Crux Books was located on the campus of the University of Toronto in Wycliffe College and served the theological community of the university as well as the academic and scholarly community at large. The Toronto School of Theology (TST) consists of:

•Wycliffe College
•Trinity College
•Emmanuel College
•Knox College
•St. Michael’s College

December 2nd was the last regular day of business and the store is now in process of packing up what was probably one of the most unique collections in a retail Christian bookstore in Canada, not to mention a huge repository of used books. On the website they posted, “It is with a heavy heart and great sadness that after twenty years in operation, we announce the closing of Crux Books.”
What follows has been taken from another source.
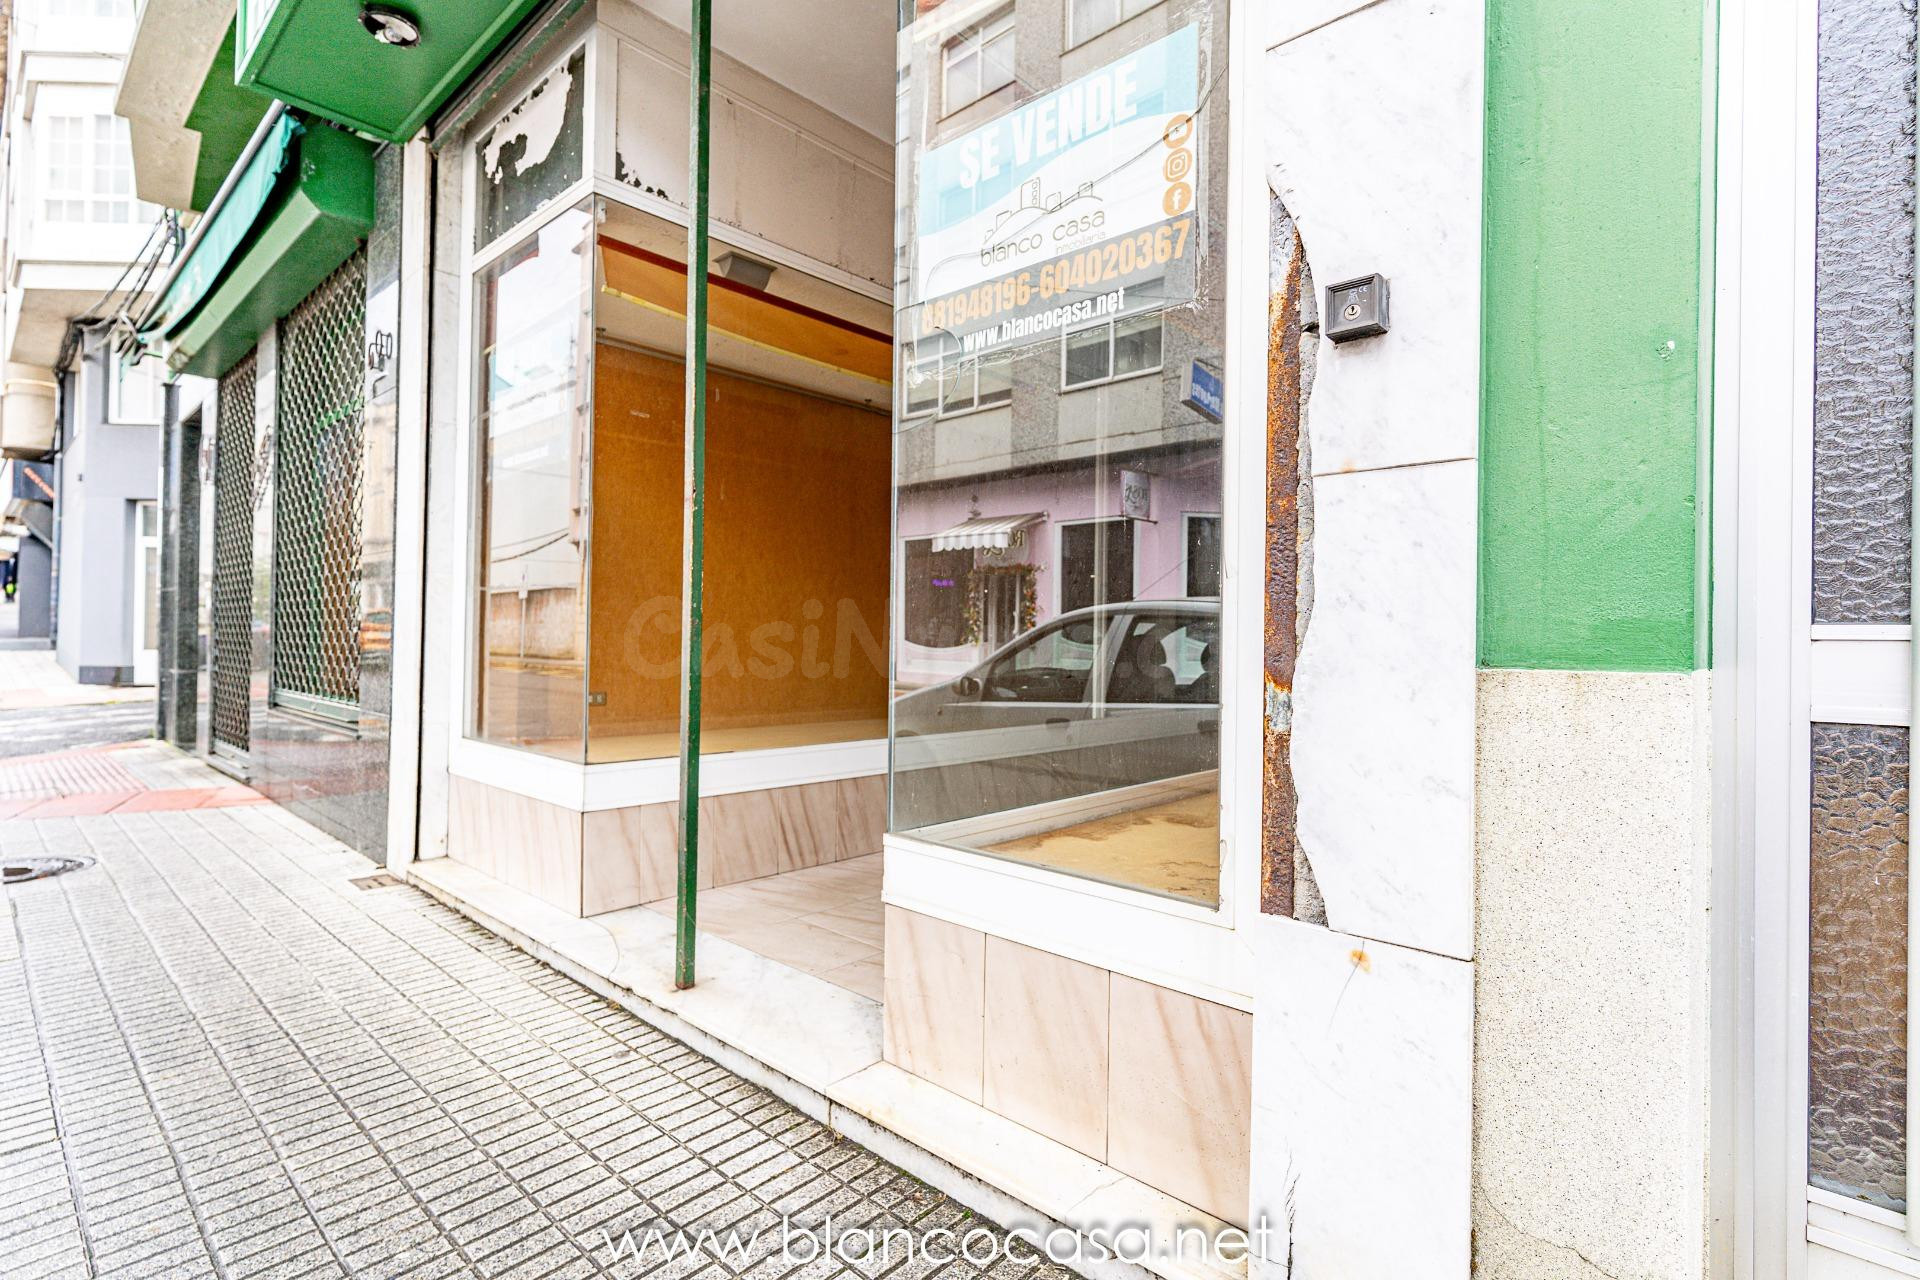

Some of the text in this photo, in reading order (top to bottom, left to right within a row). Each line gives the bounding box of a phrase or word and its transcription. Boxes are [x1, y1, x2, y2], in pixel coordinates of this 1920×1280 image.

[959, 61, 1138, 189] SE VENDE
[981, 210, 1105, 267] blanco casa
[963, 286, 1125, 352] www.blancocasa.net
The store opened in 1999 and in 2009, we reported on the death of founder Pat Paas.

Crux Books had some rare volumes and at this point we don’t know where that inventory is being sent. The market for some of their titles is quite limited, and would even be a stretch for bookstores at Regent College in Vancouver or Tyndale College and Seminary in Toronto. Libraries, such as the one at Redeemer University College in Hamilton (which we toured last year) would be ideal but their shelves are already packed with similar items and budgets are limited.

Four of the five TST colleges listed above also have their own libraries.

This was a one-of-a-kind store that simply can’t be replaced. The inventory was curated over two decades and contained product not usually seen elsewhere.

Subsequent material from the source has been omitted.